令和7年度の税制改正では、給与所得控除額や基礎控除額の増額、扶養親族等の所得要件の引き上げなどの改正に伴い、年末調整の際には新たに扶養控除等の対象者が増え、12月1日以後に扶養控除等申告書を訂正するなどの事務が増加し、担当者の負担が増えるのでないかと危惧しています。

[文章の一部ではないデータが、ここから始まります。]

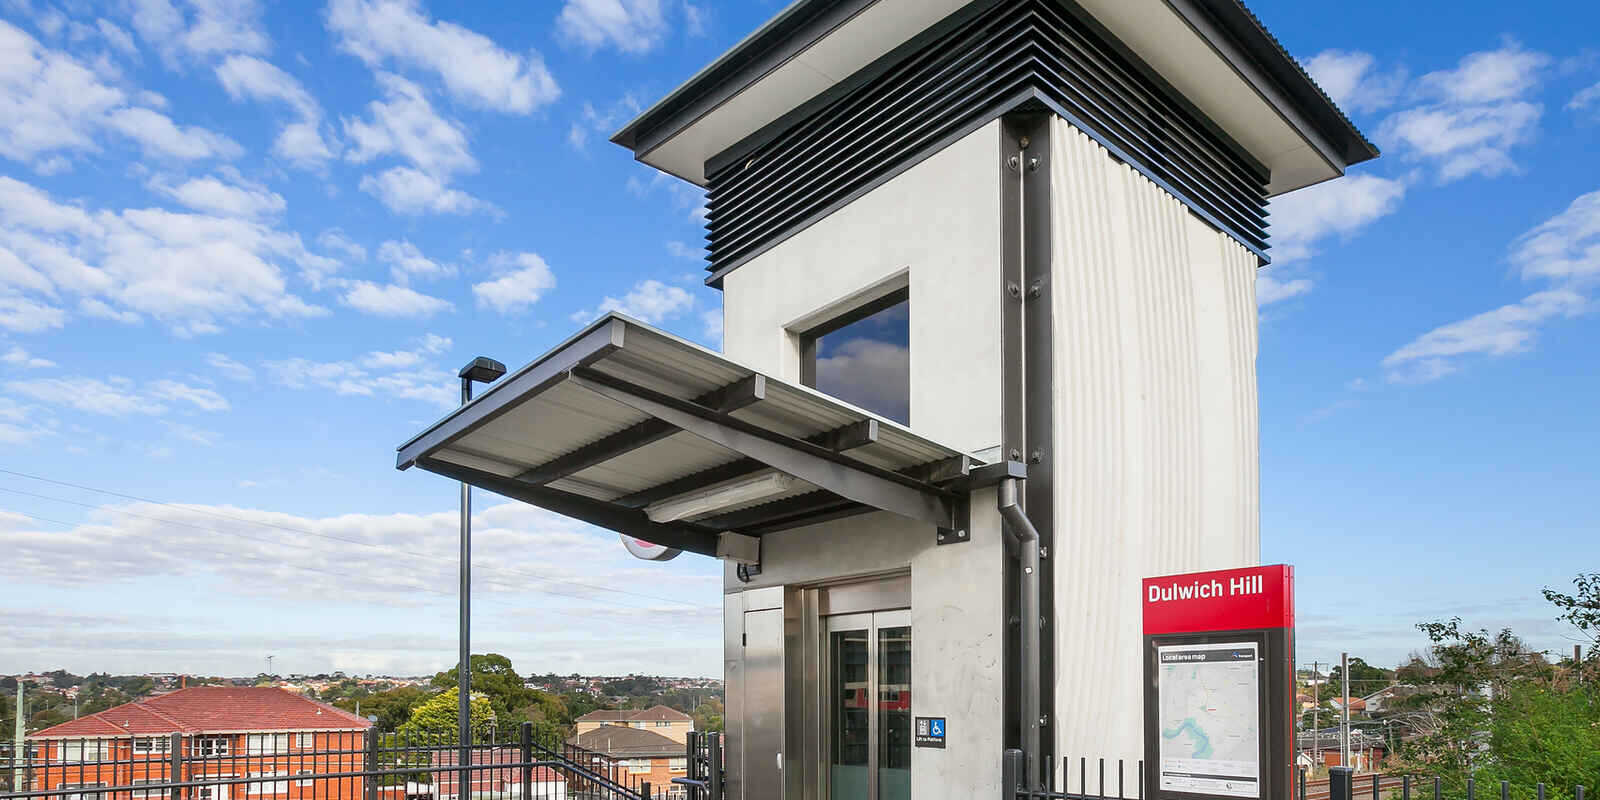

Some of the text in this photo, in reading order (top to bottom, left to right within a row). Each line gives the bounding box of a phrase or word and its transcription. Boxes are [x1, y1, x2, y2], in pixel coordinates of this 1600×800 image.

[1148, 575, 1263, 602] Dulwich Hill
[1191, 654, 1206, 662] map

 今回、国税庁から公表されたQ&Aでは、年末調整等の際に特に留意すべき事項36問が搭載されています。一読した中で、要点は次の内容でないかと思います。

 

① 基礎控除(95万円~58万円)

 所得金額に応じて控除額が変動する。非居住者は一律58万円。

② 給与所得控除額(最低保障額65万円)

 給与所得控除額が従来と変更となるのは、給与収入が190万円以下の人だけ。

③ 扶養親族等の所得要件(58万円に引き上げ)

 これまでの、扶養(配偶者)控除額=基礎控除額=所得要件=48万円という関係が崩れることから、所得要件は 所得控除の金額とは切り離して理解する必要があります。

④ 特定親族特別控除

 19歳~23歳までの親族については、所得要件の58万円を超えていても、所得金額123万円までは、特定親族特別控除が受けられる。(所得金額が多いほど控除額は低減するので、従来の配偶者特別控除に仕組みが似ている。)

⑤ 源泉控除対象扶養親族

 令和8年分の扶養控除等申告書を記載する場合、従来の扶養親族に加え、19歳~23歳までの親族については、所得要件を超えていても、年間の所得金額の見積額が58万円~100万円であれば、源泉控除対象扶養親族としてカウントする。

 今回のQ&Aについては、他にも留意すべき点があるので、早めに一読することをお勧めします。